> **Exercise aim**
What is needed is a faithful transcription of all the data below, pictures excluded.

> **Data for analysis**
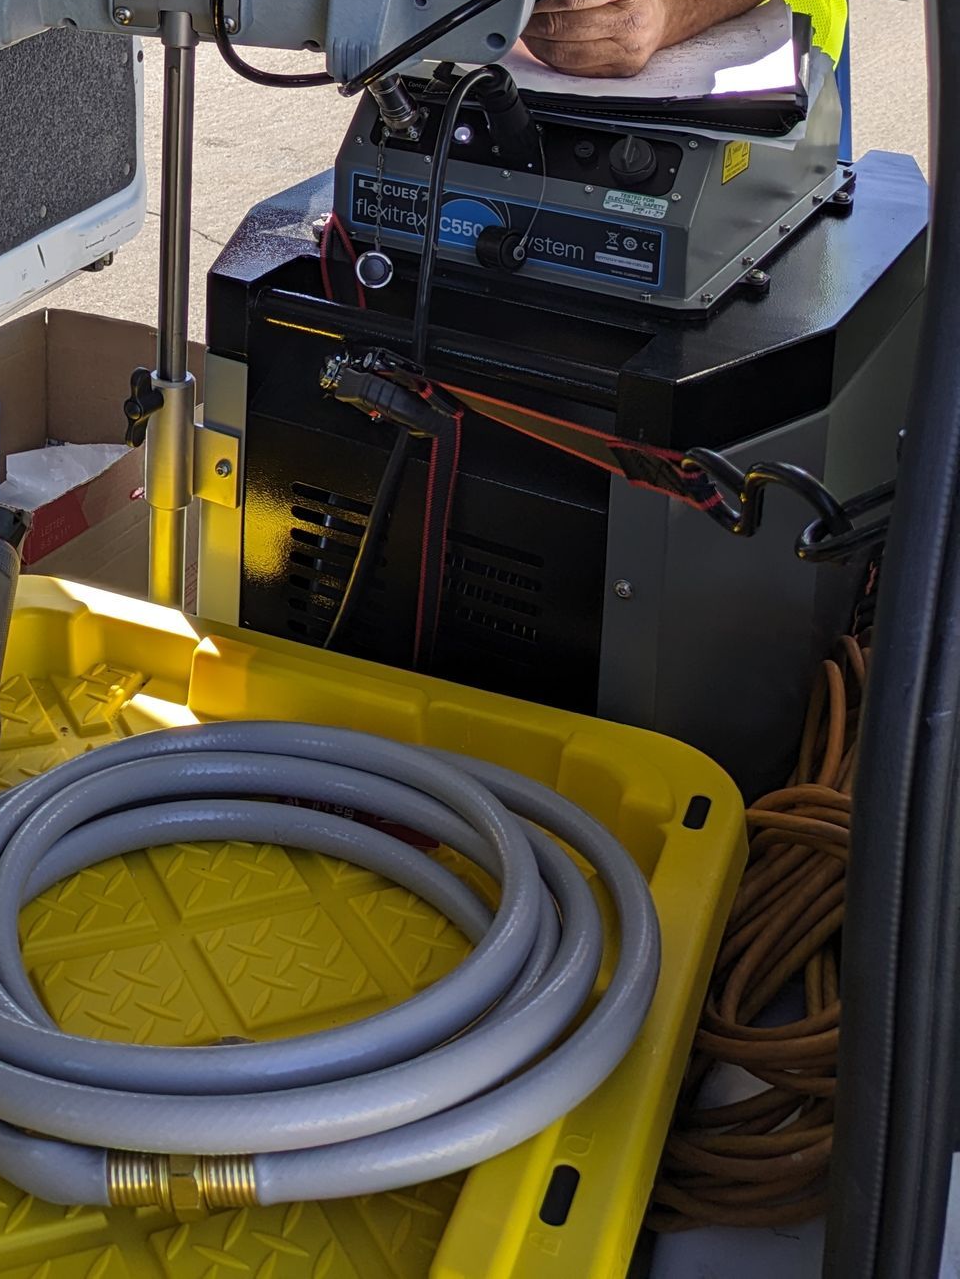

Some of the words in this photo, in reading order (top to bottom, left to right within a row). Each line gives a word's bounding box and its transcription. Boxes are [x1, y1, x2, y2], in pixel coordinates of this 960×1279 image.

[382, 184, 418, 200] CUES
[620, 192, 642, 201] TESTED
[607, 195, 642, 206] ELECTRICAL
[642, 201, 665, 211] SAFETY
[355, 198, 427, 227] flexitrax

> **Problem solution**
Some of the words in this photo, in reading order (top to bottom, left to right within a row). Each line gives a word's bounding box and its transcription. Boxes are [x1, y1, x2, y2], in pixel coordinates of this 960×1279 image.

[382, 184, 418, 200] CUES
[620, 192, 642, 201] TESTED
[607, 195, 642, 206] ELECTRICAL
[642, 201, 665, 211] SAFETY
[355, 198, 427, 227] flexitrax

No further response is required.